SOURCE DATA
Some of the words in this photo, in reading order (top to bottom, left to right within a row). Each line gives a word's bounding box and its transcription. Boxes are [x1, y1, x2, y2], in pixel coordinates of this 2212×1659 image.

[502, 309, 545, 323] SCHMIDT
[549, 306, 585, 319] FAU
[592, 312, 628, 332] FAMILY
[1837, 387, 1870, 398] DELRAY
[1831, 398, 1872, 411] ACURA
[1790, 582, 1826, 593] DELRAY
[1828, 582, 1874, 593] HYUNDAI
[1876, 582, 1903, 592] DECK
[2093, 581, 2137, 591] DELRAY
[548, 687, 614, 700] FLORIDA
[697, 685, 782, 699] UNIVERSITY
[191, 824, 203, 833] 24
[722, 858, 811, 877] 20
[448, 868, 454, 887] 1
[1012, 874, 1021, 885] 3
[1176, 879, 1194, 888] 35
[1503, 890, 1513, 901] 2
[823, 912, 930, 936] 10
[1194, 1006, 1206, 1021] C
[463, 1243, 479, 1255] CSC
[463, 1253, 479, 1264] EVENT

YOUR OBJECTIVE
Repeat the data. Leave nothing out and change nothing.

OUTPUT FOR THIS EXERCISE
Some of the words in this photo, in reading order (top to bottom, left to right within a row). Each line gives a word's bounding box and its transcription. Boxes are [x1, y1, x2, y2], in pixel coordinates of this 2212×1659 image.

[502, 309, 545, 323] SCHMIDT
[549, 306, 585, 319] FAU
[592, 312, 628, 332] FAMILY
[1837, 387, 1870, 398] DELRAY
[1831, 398, 1872, 411] ACURA
[1790, 582, 1826, 593] DELRAY
[1828, 582, 1874, 593] HYUNDAI
[1876, 582, 1903, 592] DECK
[2093, 581, 2137, 591] DELRAY
[548, 687, 614, 700] FLORIDA
[697, 685, 782, 699] UNIVERSITY
[191, 824, 203, 833] 24
[722, 858, 811, 877] 20
[448, 868, 454, 887] 1
[1012, 874, 1021, 885] 3
[1176, 879, 1194, 888] 35
[1503, 890, 1513, 901] 2
[823, 912, 930, 936] 10
[1194, 1006, 1206, 1021] C
[463, 1243, 479, 1255] CSC
[463, 1253, 479, 1264] EVENT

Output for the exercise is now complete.